Wednesday November 04, 11am-12pm, 1116-W Klaus
An Input-Adaptive and In-Place Approach to Dense Tensor-Times-Matrix Multiply.
Advisor: Prof. Richard Vuduc
This talk describes a novel framework, called InTensLi (“intensely”), for producing fast single-node implementations of dense tensor-times-matrix multiply (Ttm) of arbitrary dimension. Whereas conventional implementations of Ttm rely on explicitly converting the input tensor operand into a matrix—in order to be able to use any available and fast general matrix-matrix multiply (Gemm) implementation— our framework’s strategy is to carry out the Ttm in-place, avoiding this copy. As the resulting implementations expose tuning parameters, this paper also describes a heuristic empirical model for selecting an optimal configuration based on the Ttm’s inputs.

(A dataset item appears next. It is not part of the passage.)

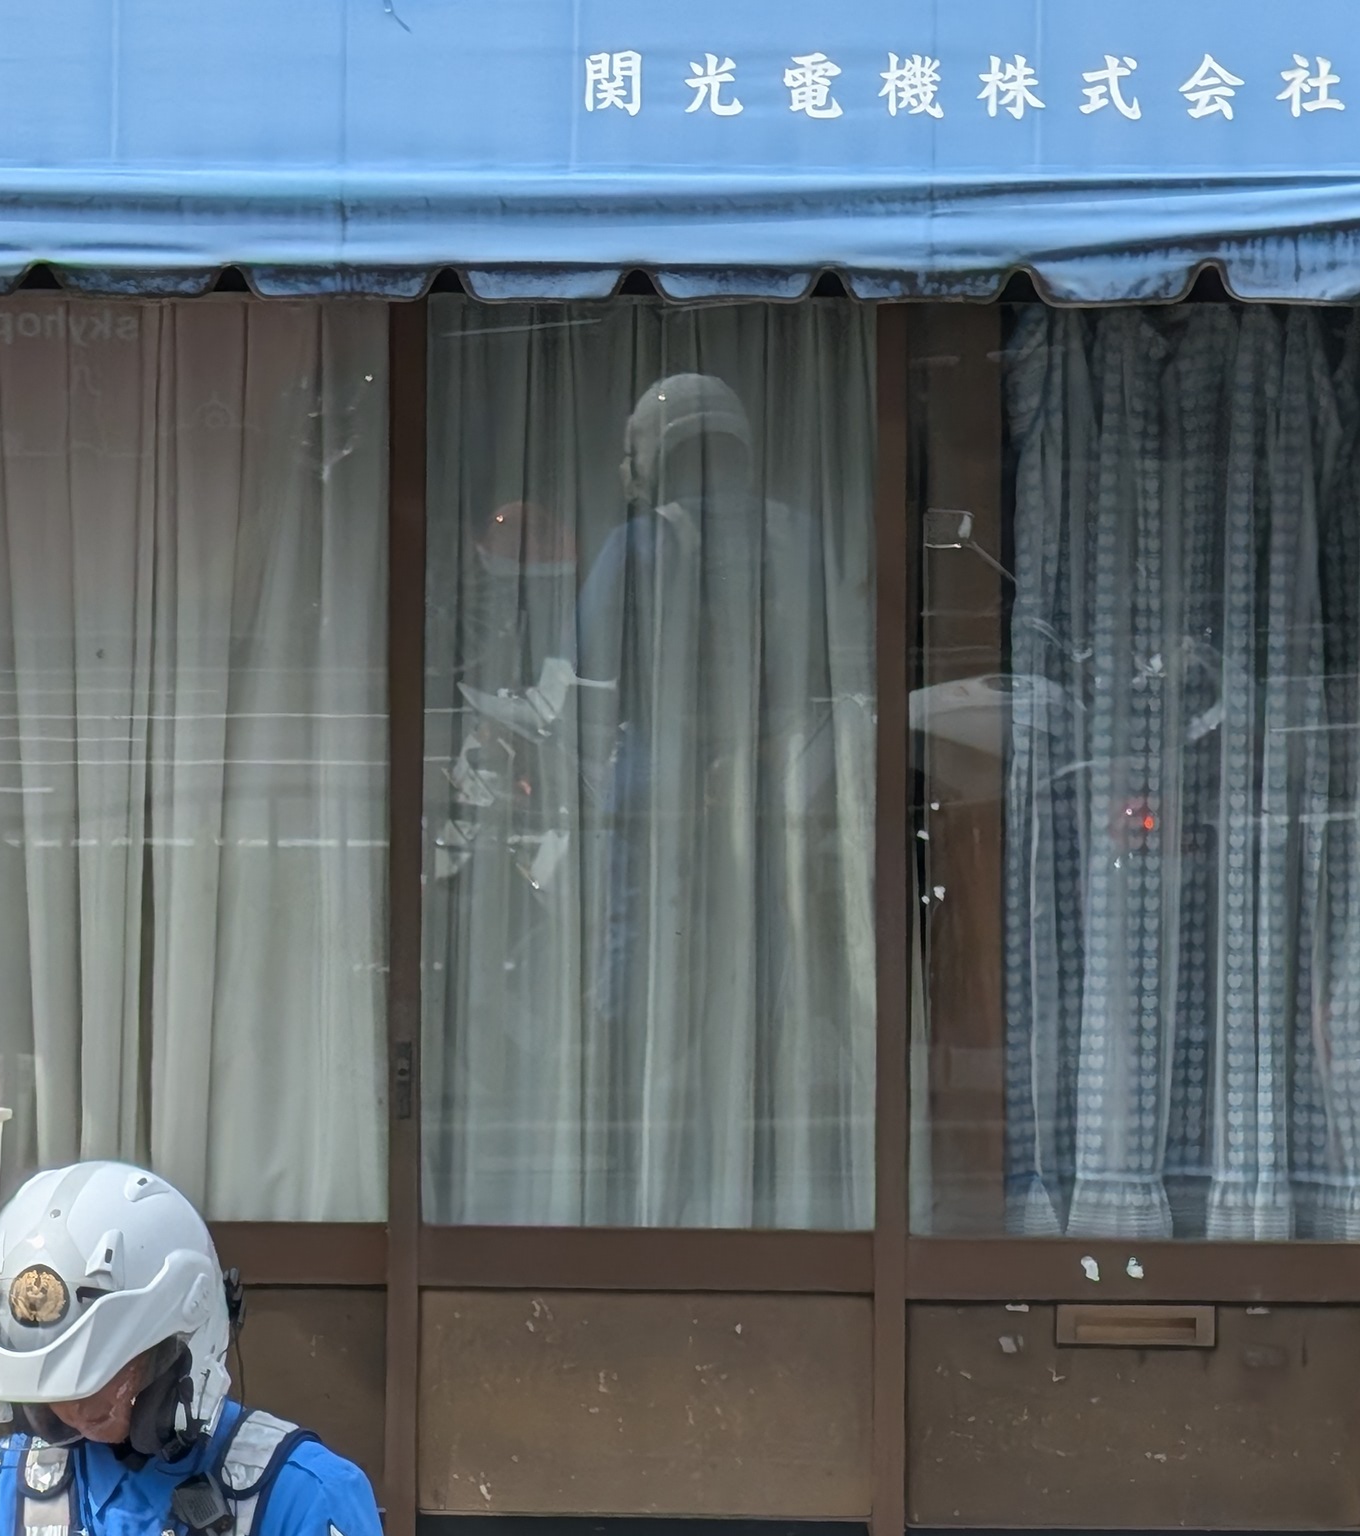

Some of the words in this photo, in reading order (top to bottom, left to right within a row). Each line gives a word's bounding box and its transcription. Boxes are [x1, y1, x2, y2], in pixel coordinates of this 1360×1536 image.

When compared to widely used single-node Ttm implementations that are available in the Tensor Toolbox and Cyclops Tensor Framework (Ctf), InTensLi’s in-place and input-adaptive Ttm implementations achieve 4× and 13× speedups, showing Gemm-like performance on a variety of input sizes.
Jiajia Li is a 3rd year PhD student in Computational Science & Engineering, Georgia Institute of Technology. She works in Dr. Richard Vuduc’s hpcgarage group. Her research area is high performance computing, which includes optimizing linear algebra kernels, such as dense/sparse matrix and tensor operations on various platforms.